[Stored data]

+===+

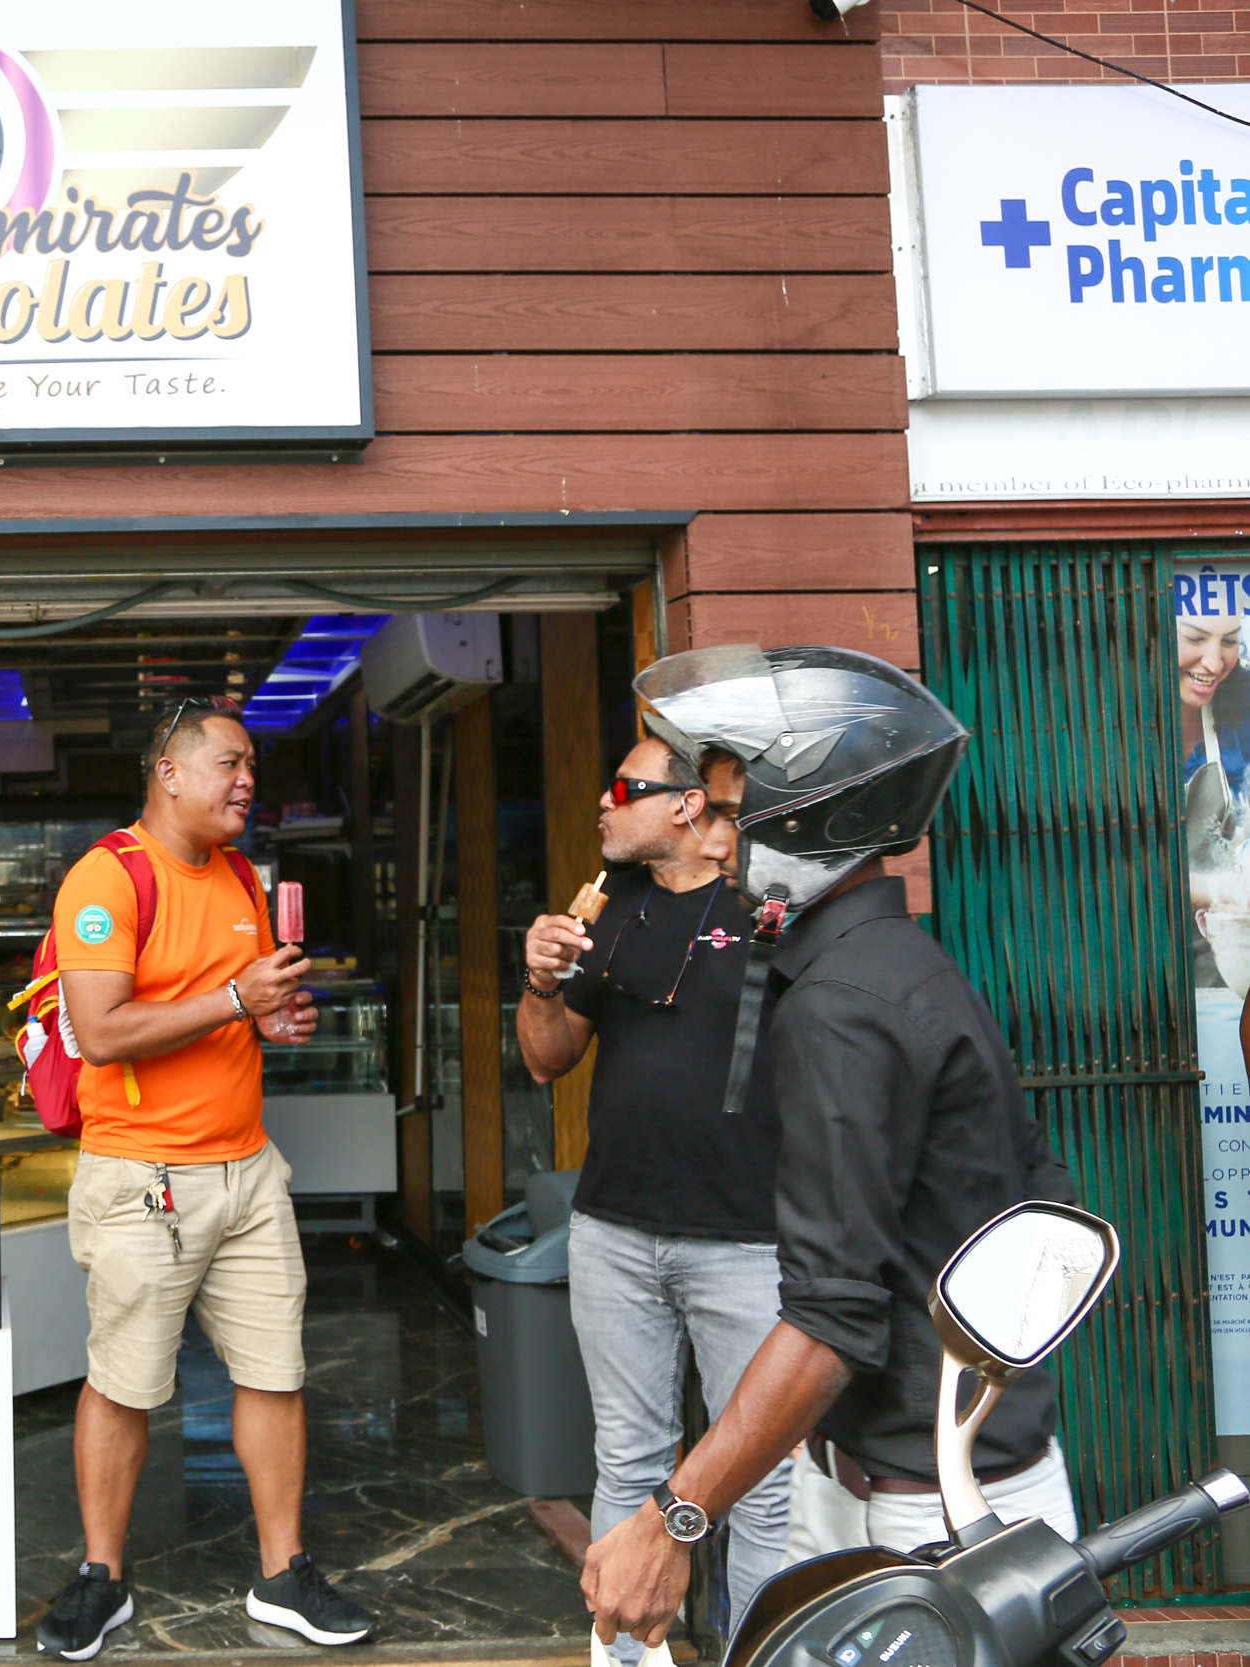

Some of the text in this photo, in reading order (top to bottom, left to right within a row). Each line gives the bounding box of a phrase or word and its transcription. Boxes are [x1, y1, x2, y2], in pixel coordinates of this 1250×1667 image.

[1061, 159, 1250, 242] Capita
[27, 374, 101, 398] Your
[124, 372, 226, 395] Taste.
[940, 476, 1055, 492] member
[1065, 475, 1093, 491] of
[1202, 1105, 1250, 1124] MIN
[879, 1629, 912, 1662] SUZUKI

+===+

WORK TASK: Your copy should match the data exactly, apart from the images, which are dropped.

ANSWER SPACE:
Some of the text in this photo, in reading order (top to bottom, left to right within a row). Each line gives the bounding box of a phrase or word and its transcription. Boxes are [x1, y1, x2, y2], in pixel coordinates of this 1250×1667 image.

[1061, 159, 1250, 242] Capita
[27, 374, 101, 398] Your
[124, 372, 226, 395] Taste.
[940, 476, 1055, 492] member
[1065, 475, 1093, 491] of
[1202, 1105, 1250, 1124] MIN
[879, 1629, 912, 1662] SUZUKI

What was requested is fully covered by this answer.